PV is being heavily tipped as the star performer of Brazilian renewables over the next decade, with analysts expecting it to outstrip wind for growth in a market with excellent solar resources and an appetite for low-cost renewable power.

A Brazilian deal would mark another ramp-up for Lightsource BP's ambitions beyond Europe, adding to existing activity in key markets such as India and the US. It currently has 2GW of solar under its wing.

Kareen Boutonnat, group chief operating officer for Lightsource BP said: “This move creates a very firm footprint for us across the region and bringing the Enerlife team onboard significantly enhances our local capability and experience. These are the building blocks of which we will grow a very successful solar business across Brazil.”

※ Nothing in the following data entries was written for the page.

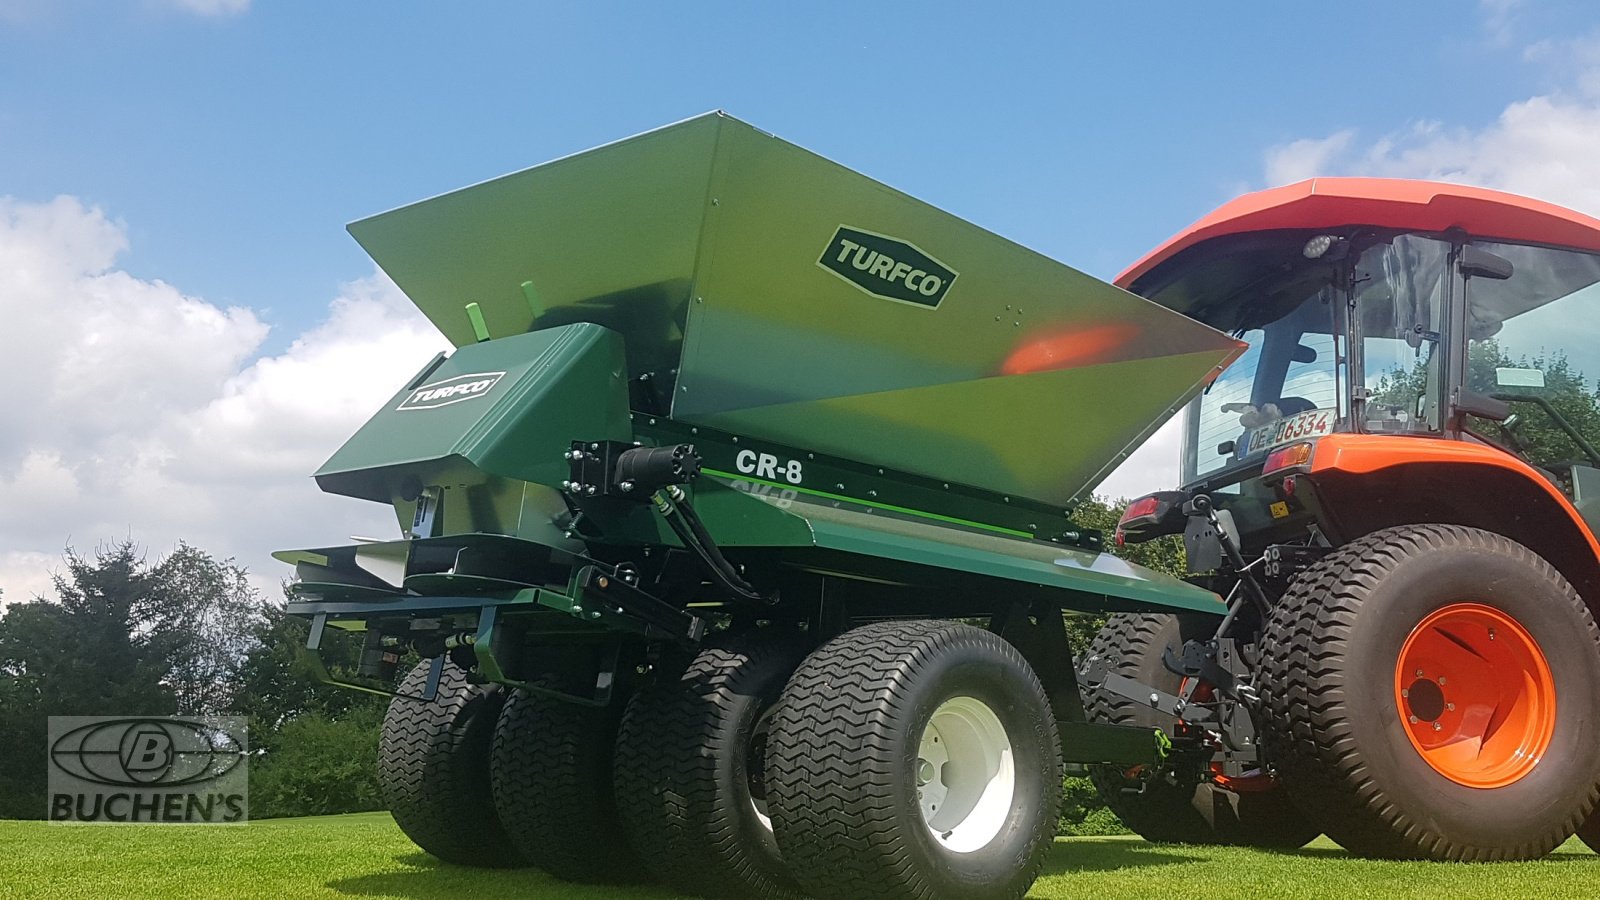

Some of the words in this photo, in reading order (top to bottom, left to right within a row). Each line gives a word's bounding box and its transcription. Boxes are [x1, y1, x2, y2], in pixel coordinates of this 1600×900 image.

[837, 238, 942, 297] TURFCO
[411, 380, 492, 404] TURFCO
[1249, 427, 1269, 452] OE
[1275, 411, 1330, 444] 06334
[735, 449, 803, 485] CR-8
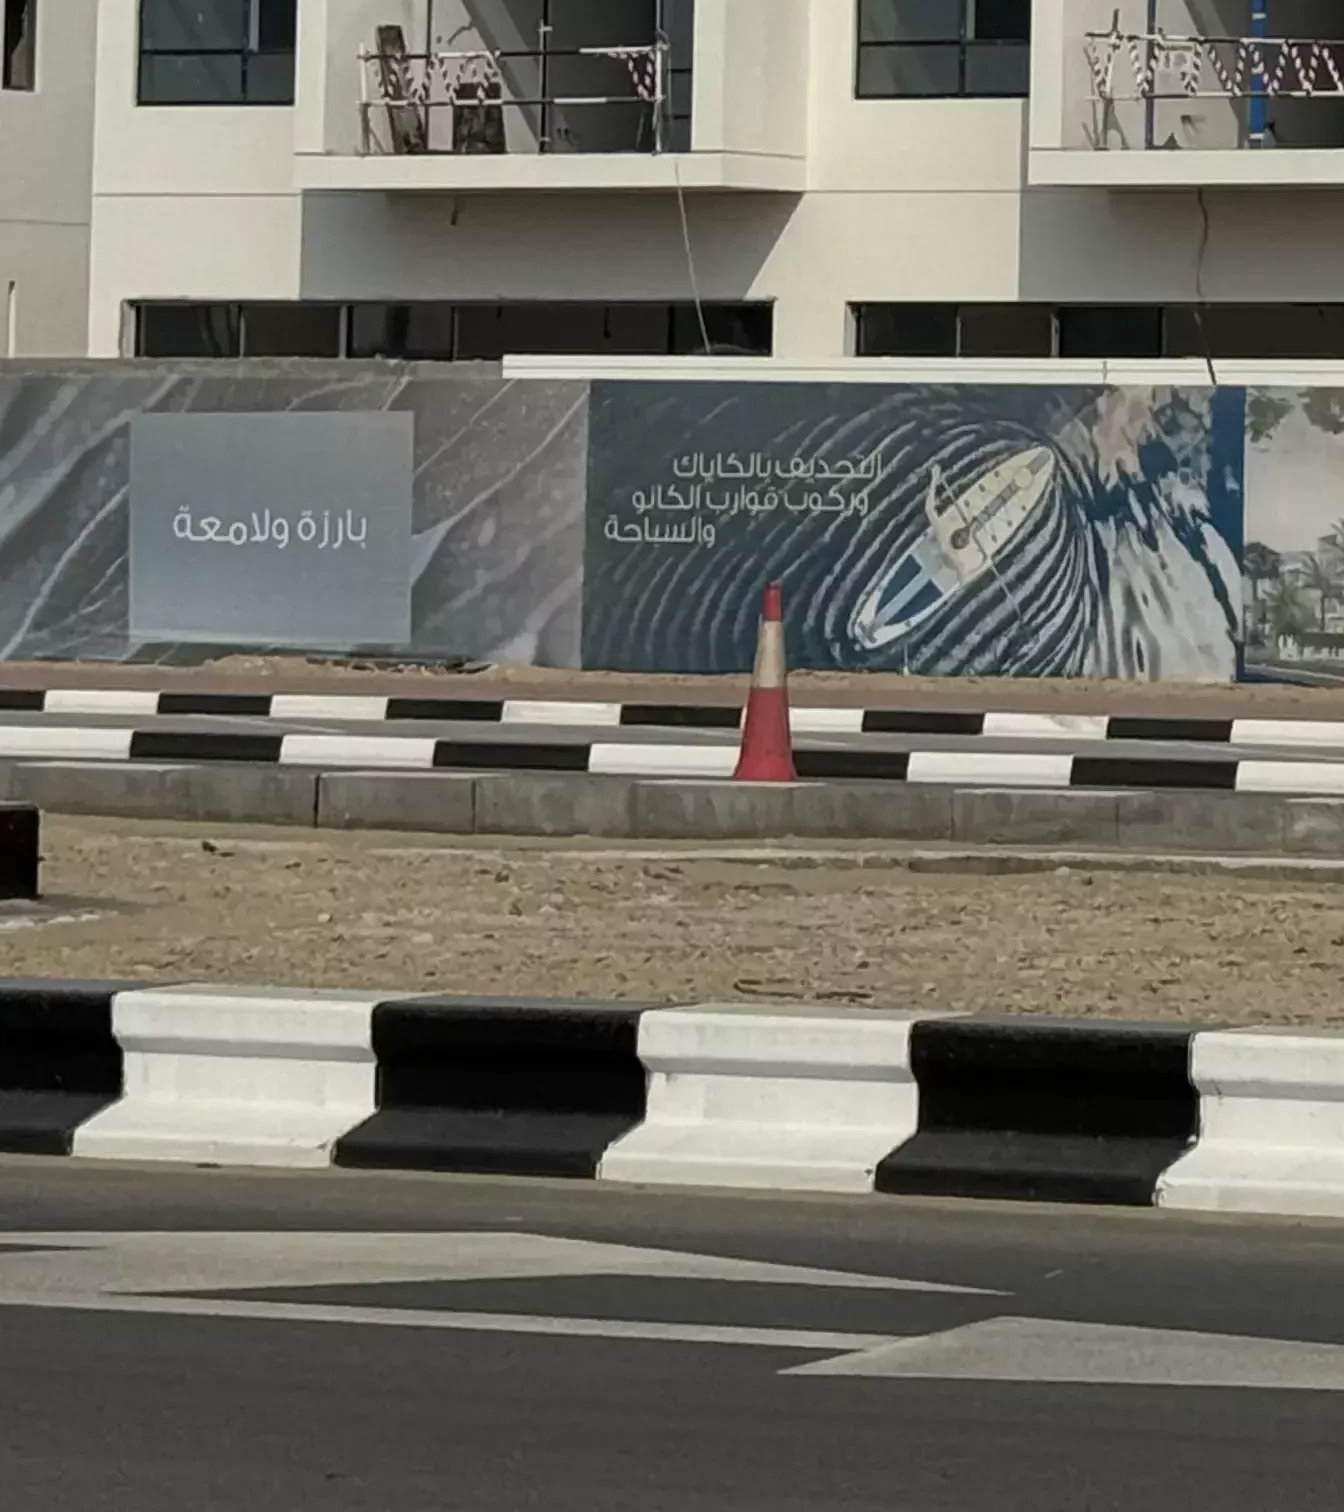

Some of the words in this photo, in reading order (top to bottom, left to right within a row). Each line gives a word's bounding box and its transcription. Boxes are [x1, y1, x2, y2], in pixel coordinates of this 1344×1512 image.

[672, 452, 773, 484] بالكاياك
[705, 484, 779, 516] قوارب
[784, 484, 870, 516] وركوب
[172, 504, 290, 549] ولامعة
[296, 507, 367, 549] بارزة
[603, 513, 717, 549] والسباحة
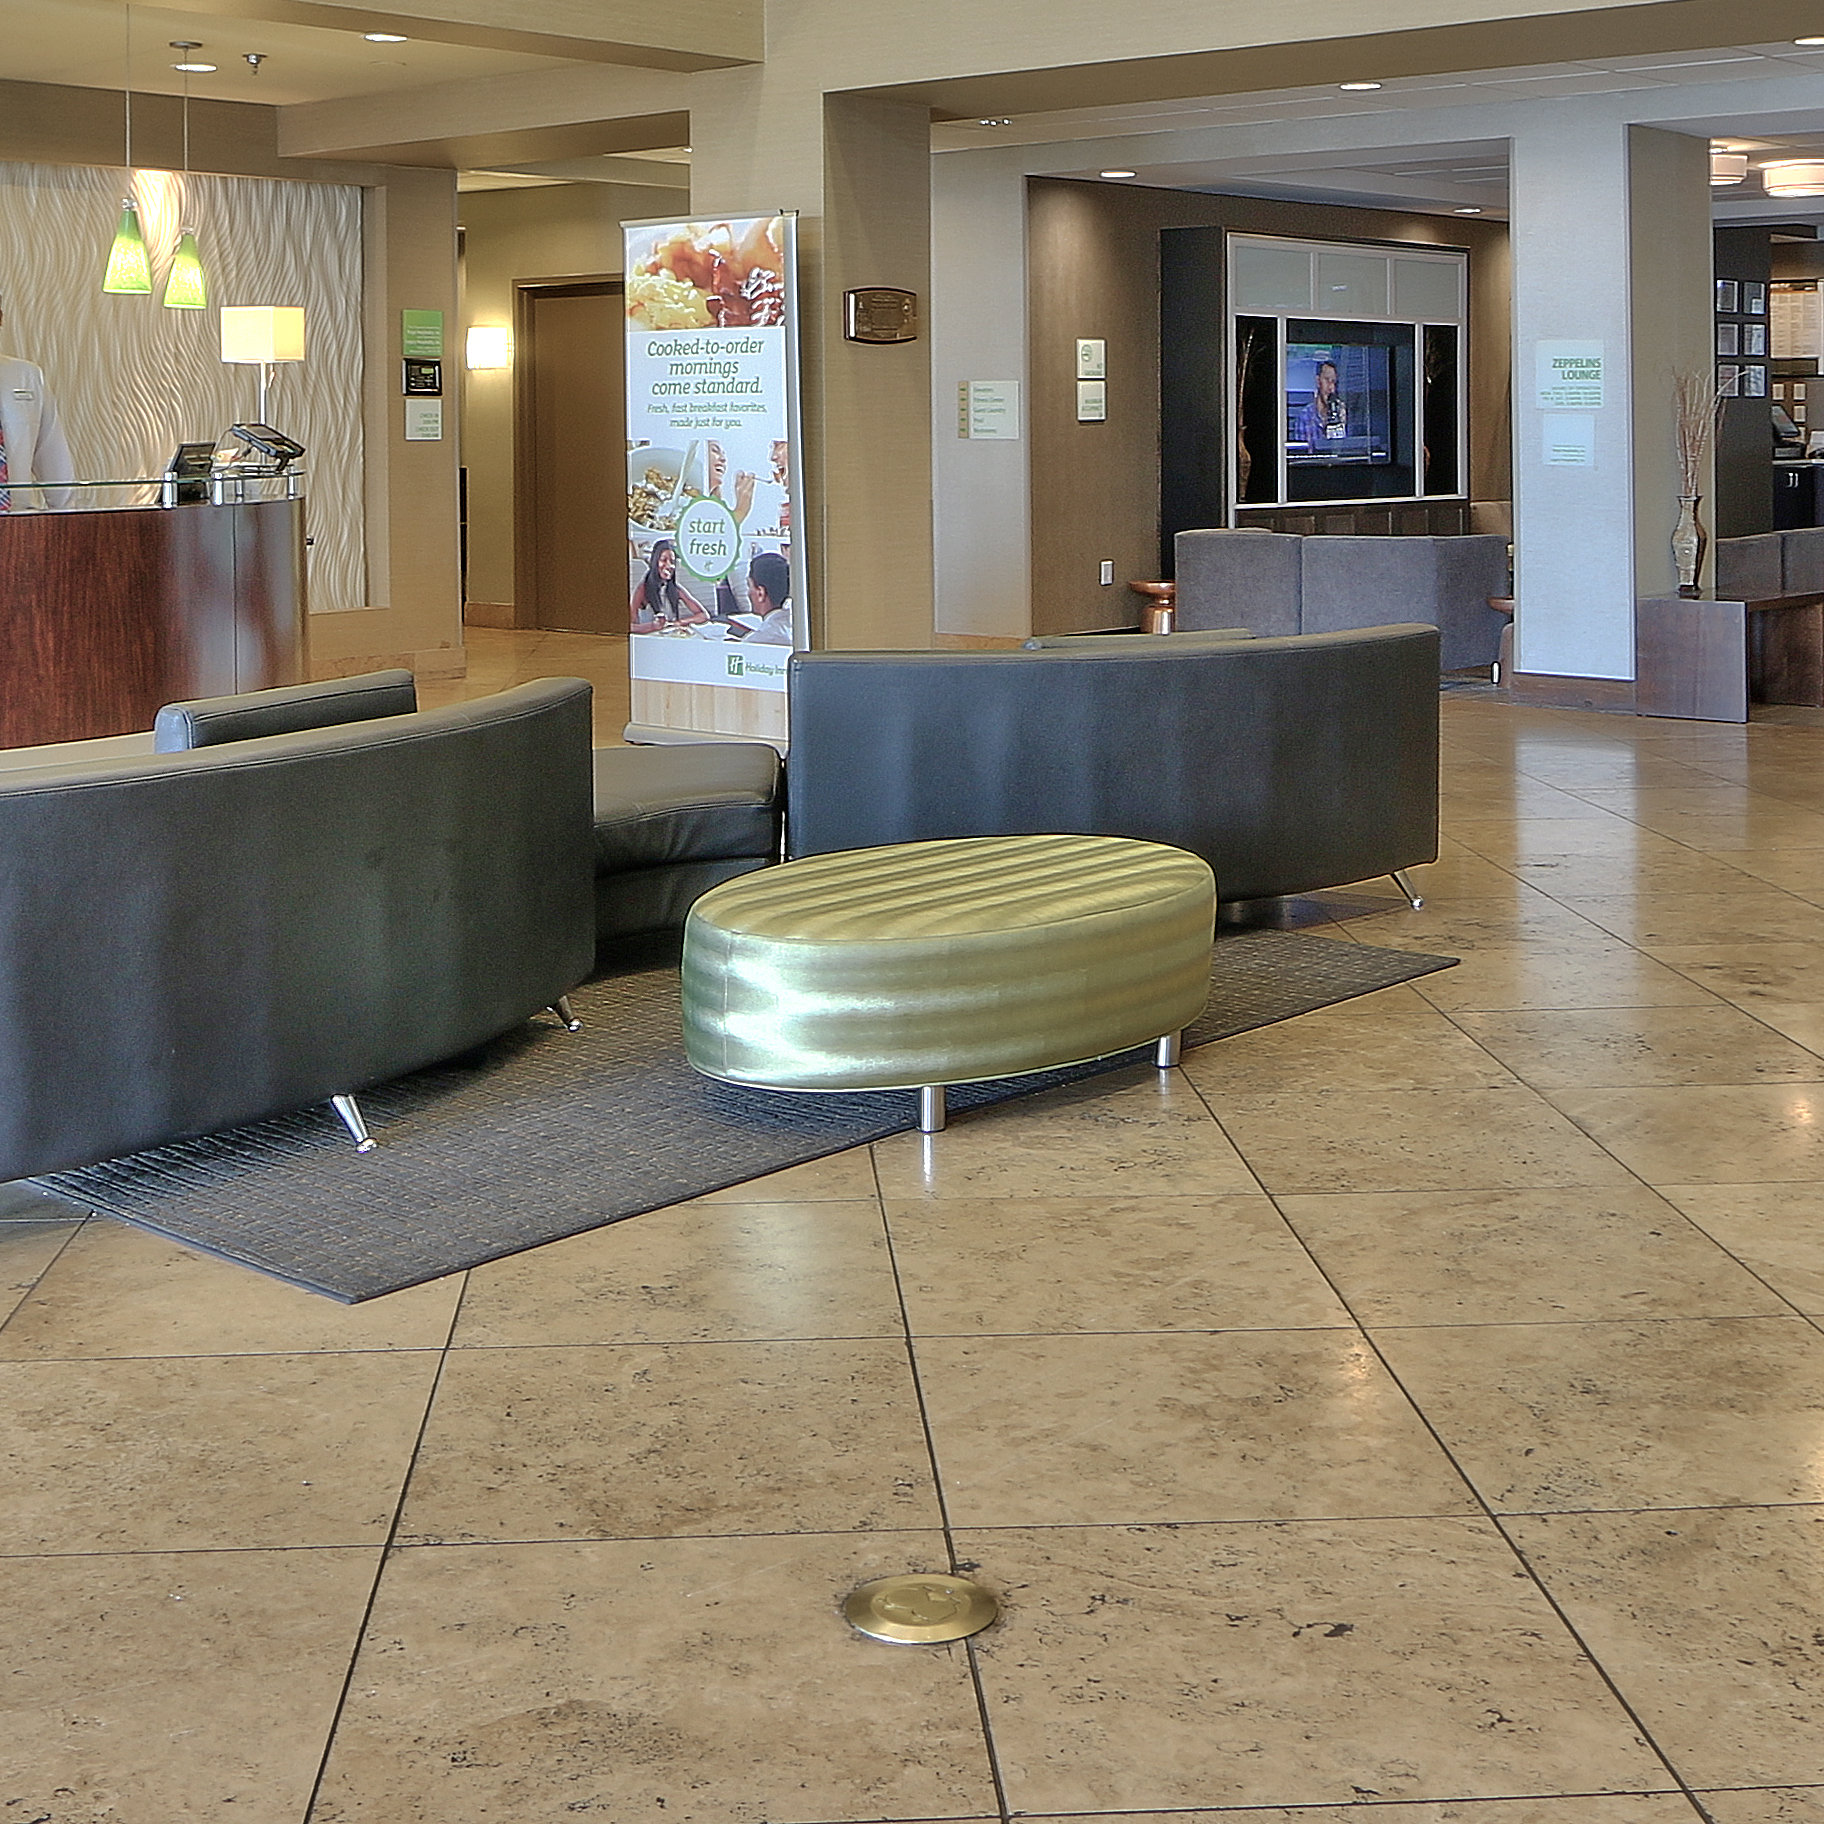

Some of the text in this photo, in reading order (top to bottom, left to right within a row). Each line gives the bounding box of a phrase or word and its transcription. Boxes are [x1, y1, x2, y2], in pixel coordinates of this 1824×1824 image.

[647, 336, 765, 357] Cooked-to-order
[669, 357, 739, 378] mornings
[1552, 357, 1601, 368] ZEPPELINS
[1562, 369, 1601, 380] LOUNGE
[651, 376, 763, 396] come standard.
[688, 401, 728, 413] breakfast
[688, 517, 725, 534] start
[689, 538, 727, 556] fresh

Enerlife was founded in March 2019 by Portuguese company Positivehope LDA, which already invests in renewables in Europe. It shortlisted 800MW of solar projects for the most recent tender, although only 164MW won contracts.

BP took a 43% stake in Lightsource in 2017. Recharge revealed last week how the oil major is eyeing a role in offshore wind as part of a widening of its renewable energy interests beyond solar and onshore wind.

Apart from Lightsource BP, Recharge has reported how several other oil companies in the region are increasingly investing in renewables.

In Brazil, federal oil company Petrobras already operates 104MW of wind, and has earmarked around $400m for renewables over the next four years, which includes memorandums of understanding with Norway’s Equinor (for offshore wind) and France’s Total (for onshore wind).

The two European groups already invest in renewables in Brazil: Equinor’s first solar plant is located in Brazil, and Total lined up 1GW of solar projects for the last tender.

Shell has also been prospecting solar and wind investments in Brazil and the region.

In neighbouring Argentina, state controlled oil and gas group YPF span off its power unit YPF Luz in 2018 to specifically invest in renewables. It has 340MW in operation or under construction.

Other oil and petrochemical companies such as Pampa Energia, Pan American Energy and Petroquimica Comodoro Rivadavia, the latter with 326MW of wind, also have interests in renewables.